10.   Amendment or Discontinuance of Plan

    The Board may amend or discontinue the Plan at any time.

11.   Government Regulation

    The Corporation's obligation to issue and deliver Common Shares under the Plan is subject to:

    (a)
    the approval of the Toronto Stock Exchange;

    (b)
    the satisfaction of all requirements under applicable securities laws in respect thereof and obtaining all such regulatory approvals as the Corporation shall determine to be necessary or advisable in connection with the authorization, issuance or sale thereof;

    (c)
    the admission of such Common Shares to listing on the Toronto Stock Exchange; and

    (d)
    the receipt from the Director to whom such Common Shares are to be issued of such representations, agreements and undertakings as to future dealings in such Common Shares as the Corporation may determine to be necessary or advisable in order to safeguard against the violation of the securities laws of any jurisdiction.

    In this connection, the Corporation shall take all reasonable steps to obtain such approvals as may be necessary for the issuance of such Common Shares in compliance with applicable securities laws and for the listing of such Common Shares on the Toronto Stock Exchange.

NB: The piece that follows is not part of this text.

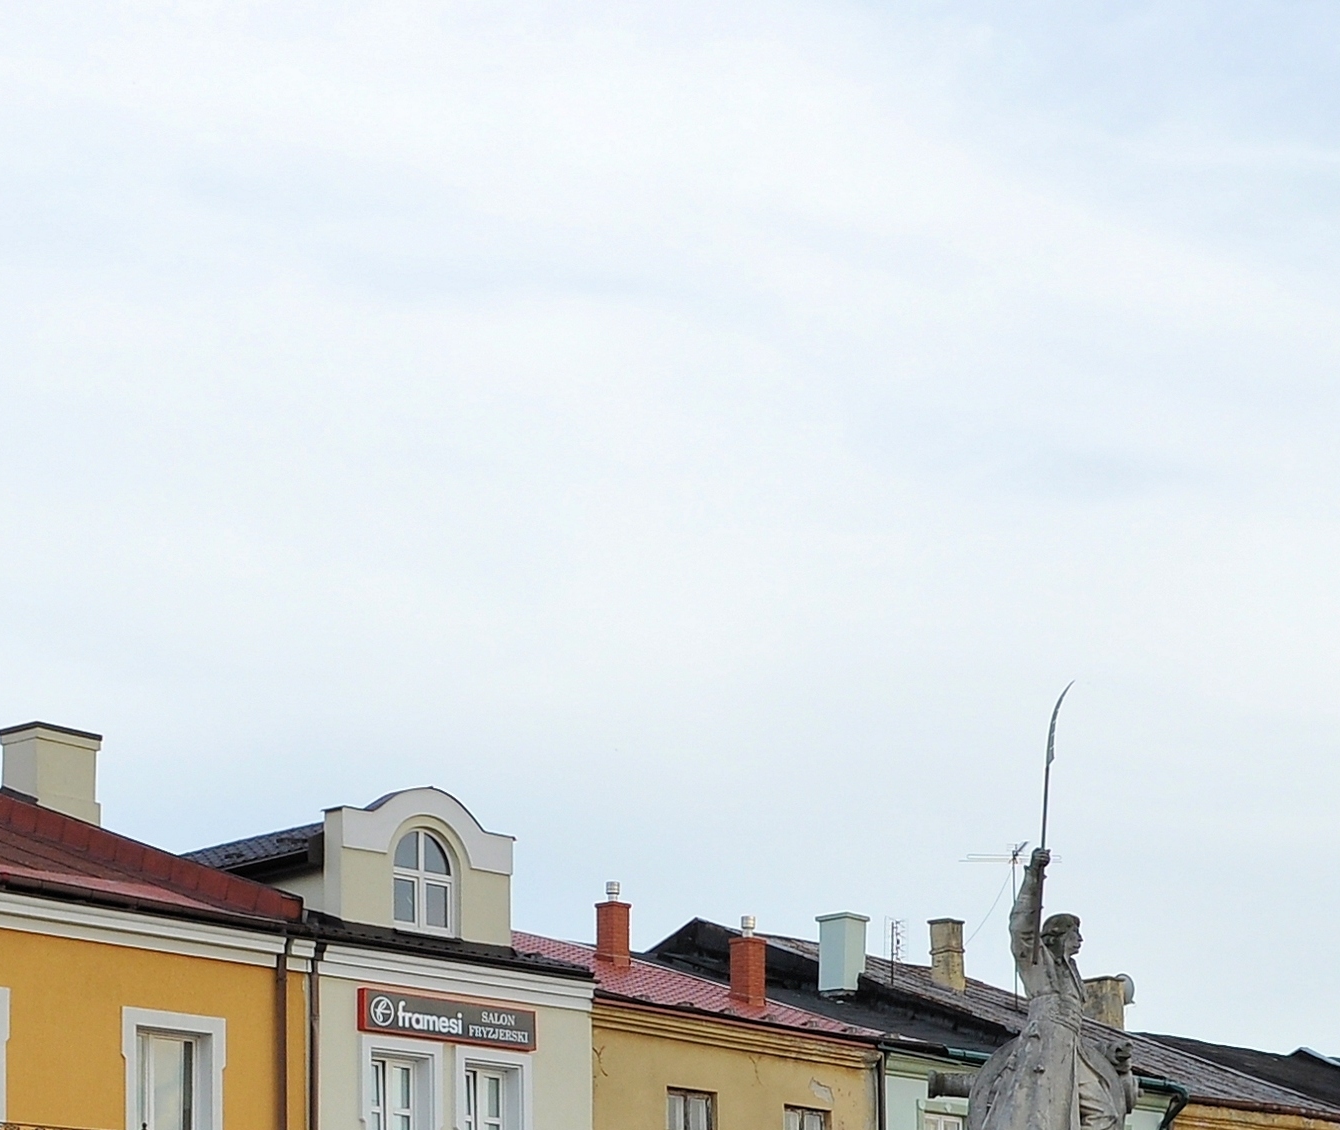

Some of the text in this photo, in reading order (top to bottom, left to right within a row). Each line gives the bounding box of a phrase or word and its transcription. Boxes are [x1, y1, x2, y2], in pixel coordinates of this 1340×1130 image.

[397, 1000, 463, 1035] framesi
[481, 1011, 516, 1026] SALON
[468, 1024, 529, 1044] FRYZJERSKI

12.   Rights as a Shareholder

    A Director shall have no rights as a holder of Common Shares issuable hereunder until a share certificate representing such Common Shares, as contemplated by paragraph 4 above, has been issued by the Corporation.

13.   Approvals

    The Plan shall be subject to:

    (a)
    the approval of the shareholders of the Corporation to be given and evidenced by a resolution at a meeting of the shareholders of the Corporation; and

    (b)
    the acceptance by the Toronto Stock Exchange.